[Provided information Boundary: Start]

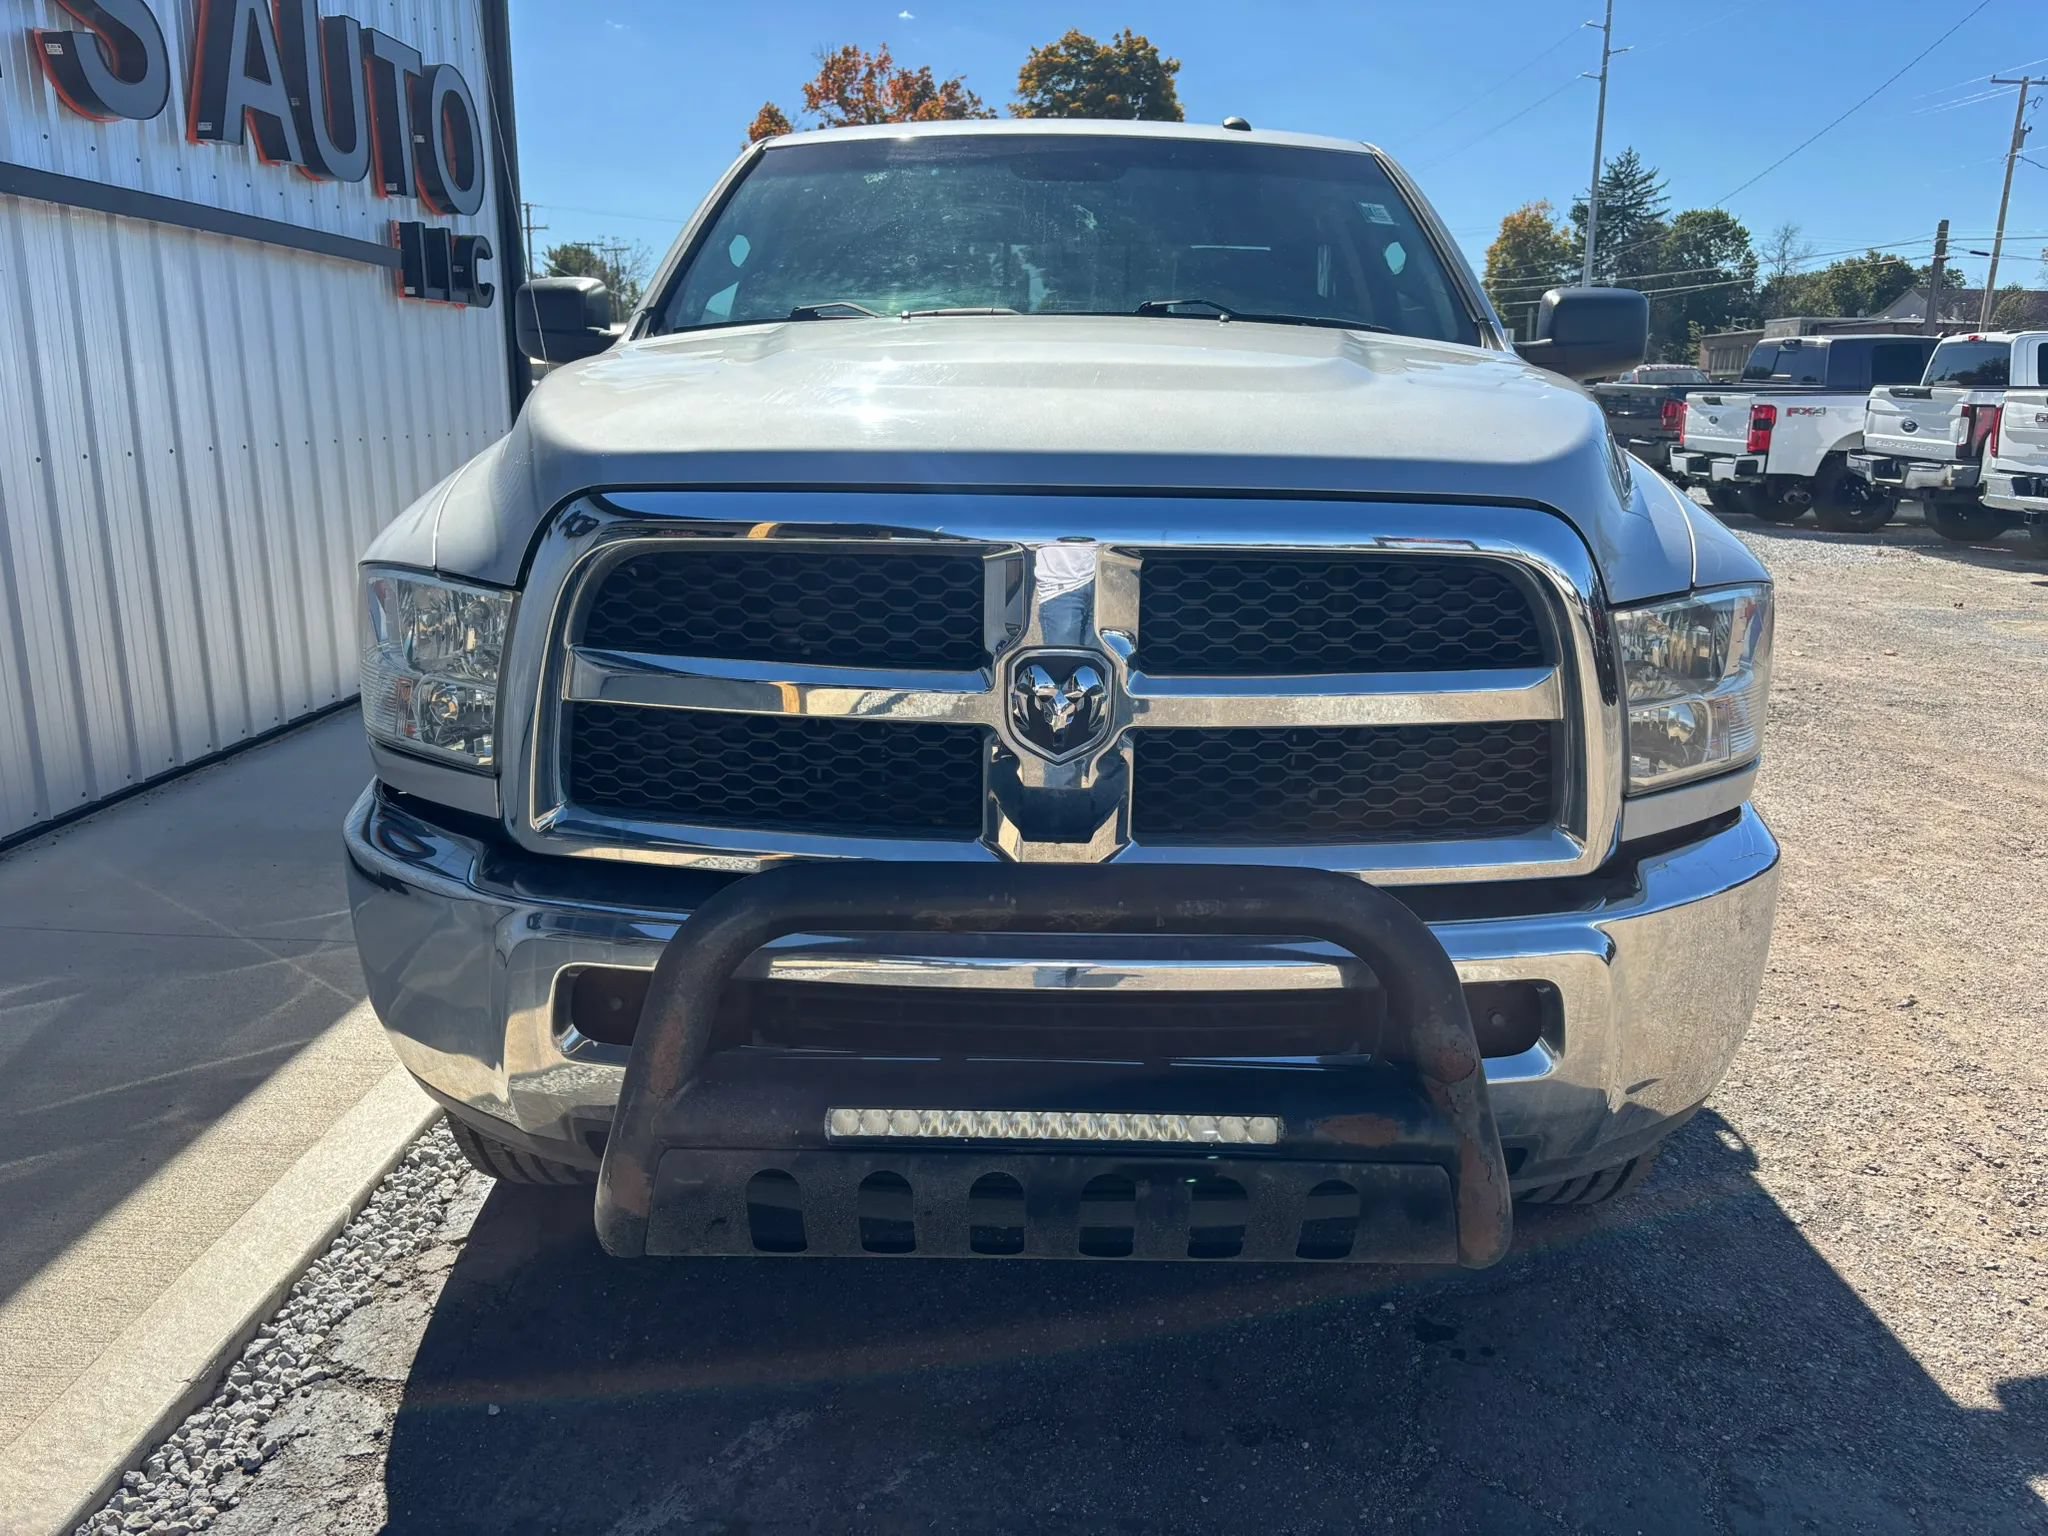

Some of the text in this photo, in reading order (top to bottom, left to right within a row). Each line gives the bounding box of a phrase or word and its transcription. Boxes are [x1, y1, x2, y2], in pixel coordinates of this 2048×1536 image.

[192, 0, 485, 216] AUTO
[397, 221, 495, 308] LLC
[1786, 406, 1827, 417] FX4
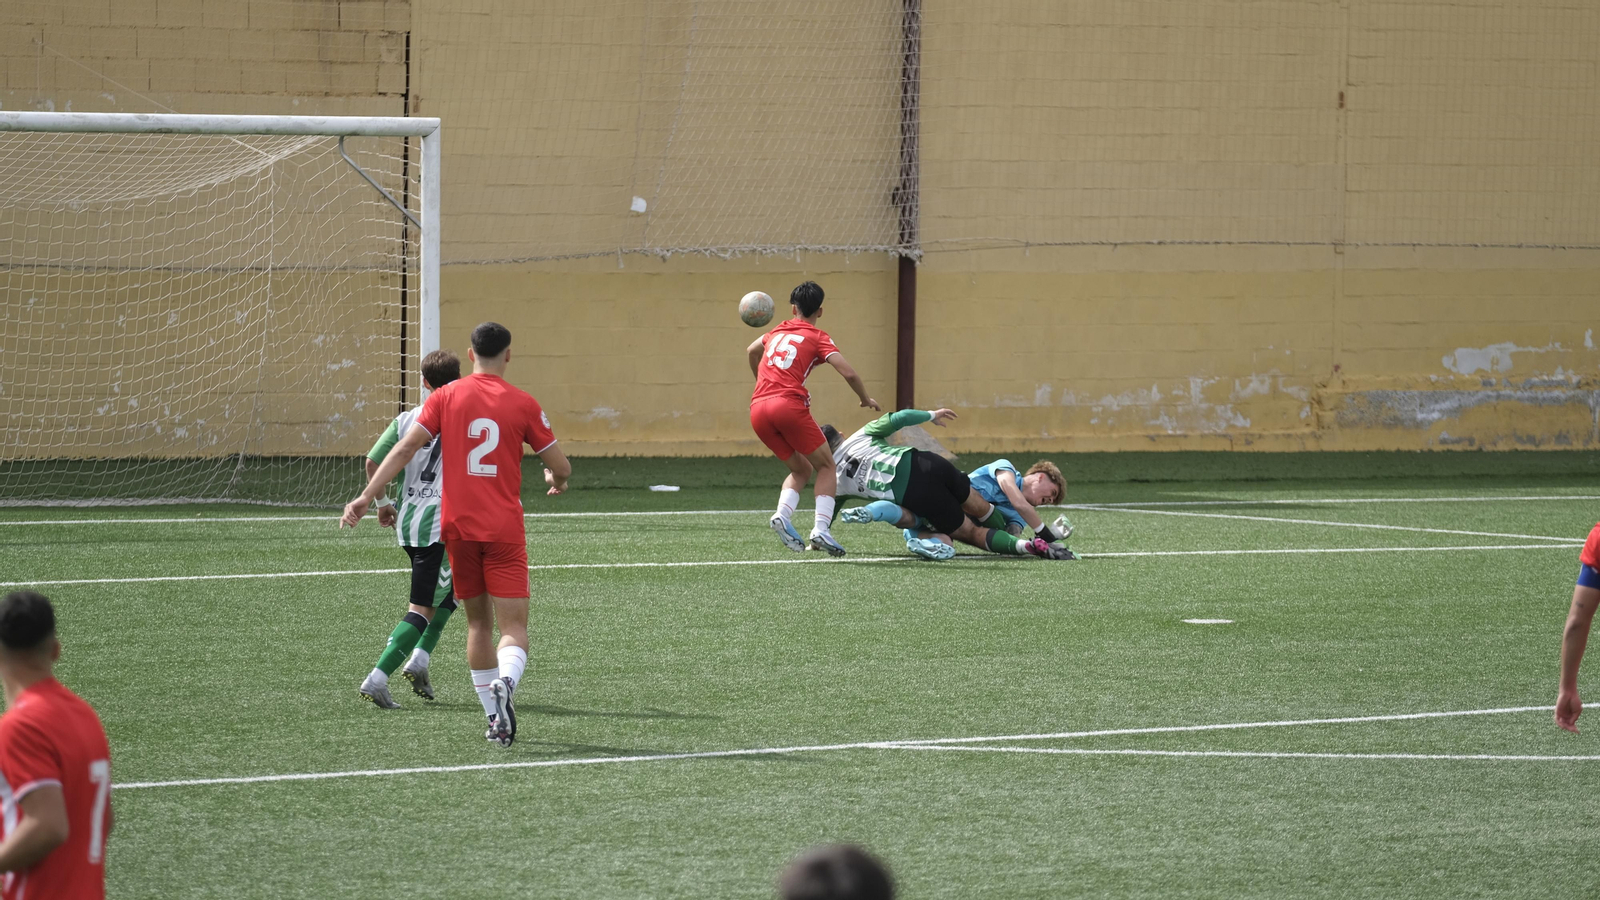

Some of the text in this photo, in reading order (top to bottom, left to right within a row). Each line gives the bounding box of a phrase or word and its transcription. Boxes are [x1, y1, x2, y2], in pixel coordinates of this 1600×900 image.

[766, 333, 805, 370] 15
[467, 417, 500, 477] 2
[858, 456, 869, 486] MEDA
[88, 758, 109, 864] 7

[Provided information Boundary: End]

> **Exercise brief**: Transcribe the whole of the data exactly, minus any pictures.

> **Reply to the task**:
Some of the text in this photo, in reading order (top to bottom, left to right within a row). Each line gives the bounding box of a phrase or word and its transcription. Boxes are [x1, y1, x2, y2], in pixel coordinates of this 2048×1536 image.

[192, 0, 485, 216] AUTO
[397, 221, 495, 308] LLC
[1786, 406, 1827, 417] FX4

Some of the text in this photo, in reading order (top to bottom, left to right within a row). Each line gives the bounding box of a phrase or word and its transcription. Boxes are [x1, y1, x2, y2], in pixel coordinates of this 1600×900 image.

[766, 333, 805, 370] 15
[467, 417, 500, 477] 2
[858, 456, 869, 486] MEDA
[88, 758, 109, 864] 7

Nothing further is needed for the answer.